Though UW continued graduate education and research activities in petroleum engineering, Ettema says the university didn't truly begin to recover until Encana stepped forward in 2006, the same year the undergraduate program was reborn, with $2 million to fund the three College of Engineering and Applied Science labs.
"These facilities," he says, "really put our program, visibly, back on the map."
By coupling upgrades to its facilities and technology with world-class faculty, UW is poised to reclaim its spot as one of the nation's top schools for petroleum engineering. The undergraduate program has already achieved accreditation and enrollment has grown from but a handful of students to about 100.

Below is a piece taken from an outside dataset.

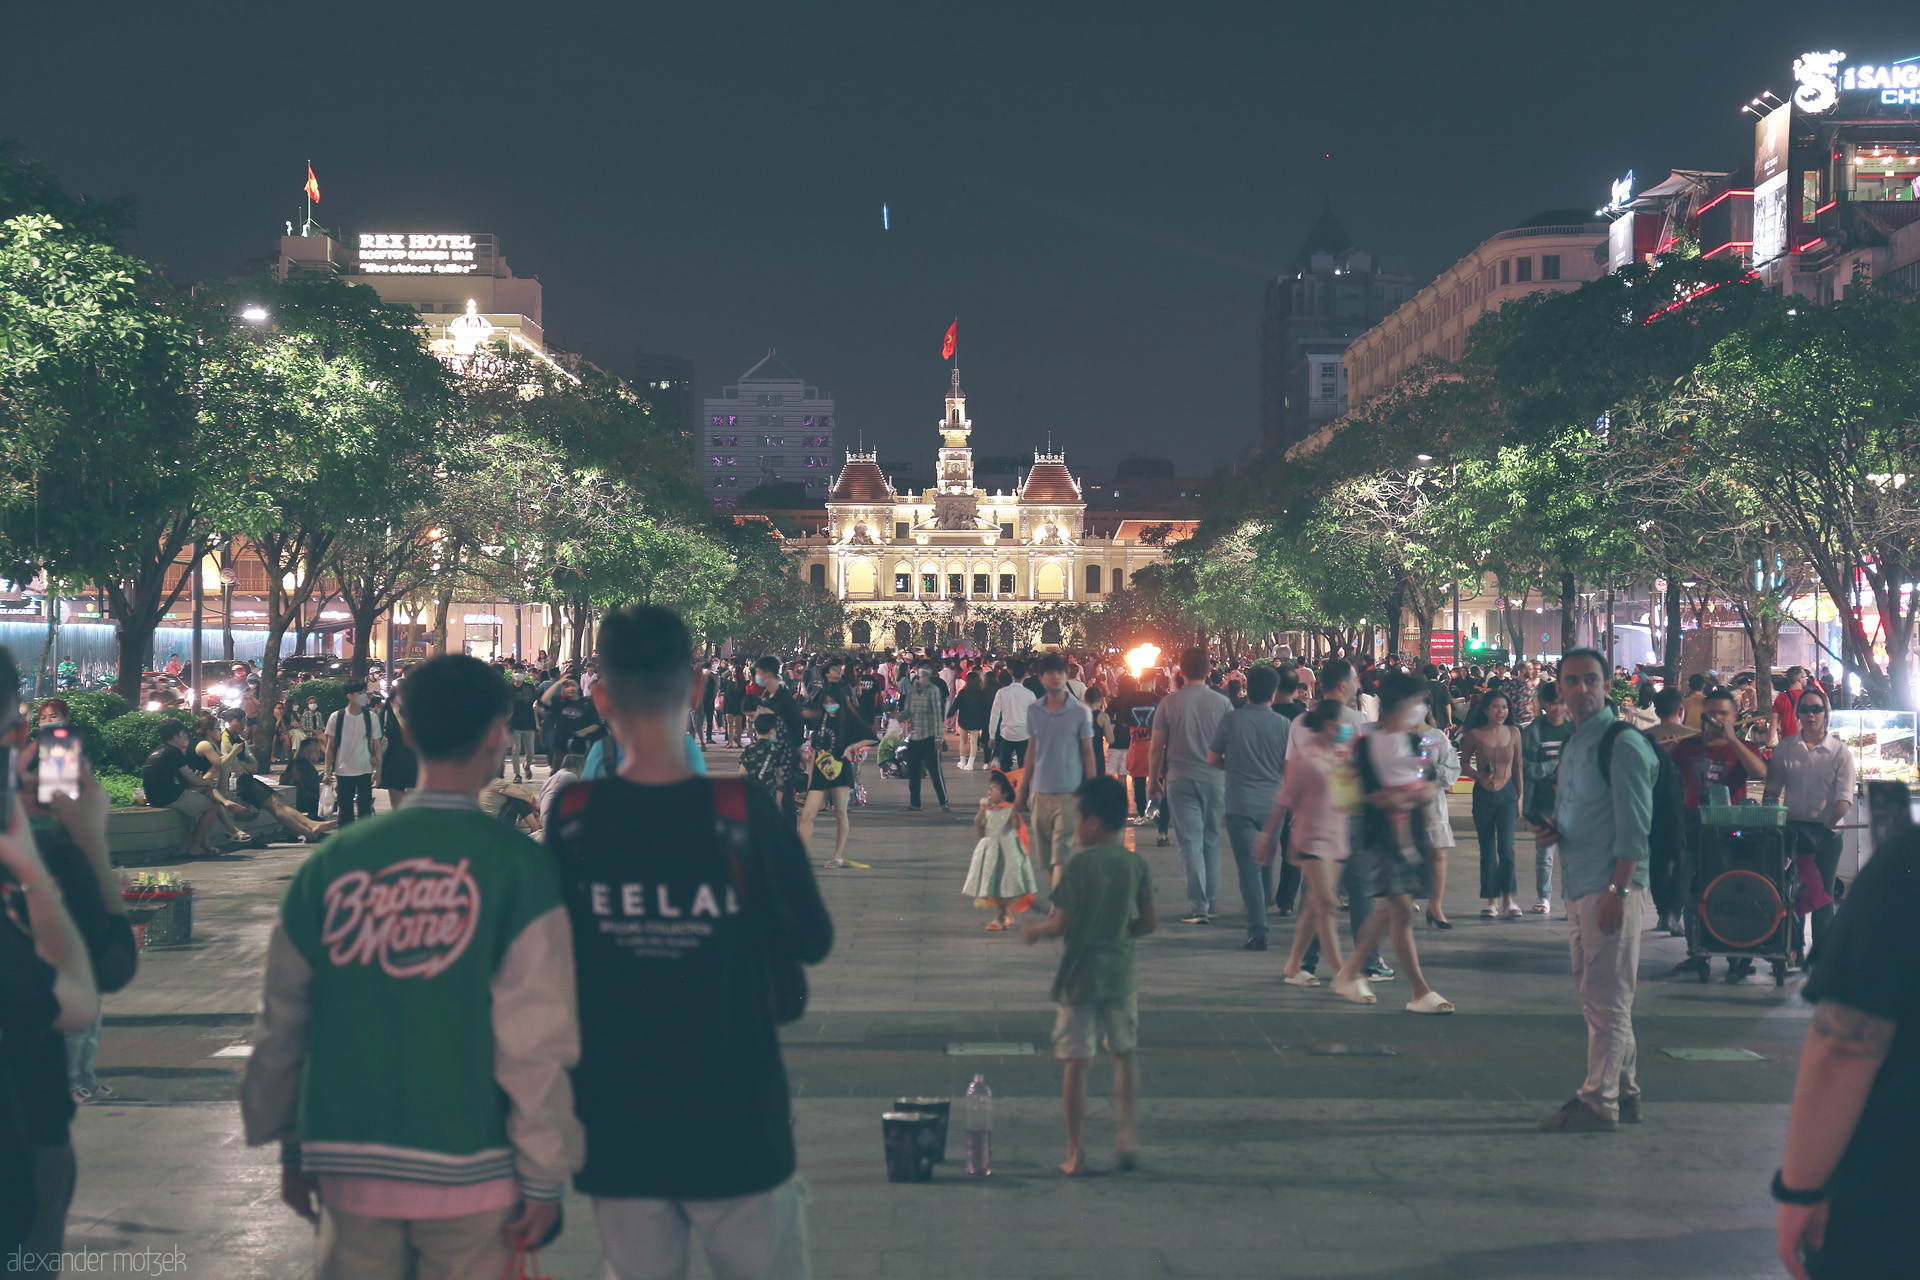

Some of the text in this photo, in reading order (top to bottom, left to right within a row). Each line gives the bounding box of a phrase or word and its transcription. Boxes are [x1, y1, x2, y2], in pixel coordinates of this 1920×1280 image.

That all seemed impossible 15 years ago.
Today, thanks to Encana, it's reality.
"Our Encana partners truly understand why the University of Wyoming is important. All that Encana is doing for UW is a tribute to the excellence of the university for the products we provide — from the scientific research to our students," Blalock says. "UW takes greatest pride in its partnership with Encana. And that pride is based on so much more than our appreciation for Encana's corporate giving; it is in seeing our own graduates in key positions of leadership in the energy sector. This is a model philanthropy story. It really is, in every way, giving back to the University of Wyoming and the state of Wyoming. It also shows that UW is great at what we do. And we'll only be better in the future thanks to Encana."